MATERIAL TO PROCESS:

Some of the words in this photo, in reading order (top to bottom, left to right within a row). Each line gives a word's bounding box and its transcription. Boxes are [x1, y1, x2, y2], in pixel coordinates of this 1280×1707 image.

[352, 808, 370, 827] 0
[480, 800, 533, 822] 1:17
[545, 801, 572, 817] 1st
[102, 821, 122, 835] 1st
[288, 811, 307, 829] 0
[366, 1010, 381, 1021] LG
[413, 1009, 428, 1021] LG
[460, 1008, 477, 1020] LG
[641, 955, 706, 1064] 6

WHAT YOU HAVE TO DO: Retype the listing exactly.

RESULT OF THIS TASK:
Some of the words in this photo, in reading order (top to bottom, left to right within a row). Each line gives a word's bounding box and its transcription. Boxes are [x1, y1, x2, y2], in pixel coordinates of this 1280×1707 image.

[352, 808, 370, 827] 0
[480, 800, 533, 822] 1:17
[545, 801, 572, 817] 1st
[102, 821, 122, 835] 1st
[288, 811, 307, 829] 0
[366, 1010, 381, 1021] LG
[413, 1009, 428, 1021] LG
[460, 1008, 477, 1020] LG
[641, 955, 706, 1064] 6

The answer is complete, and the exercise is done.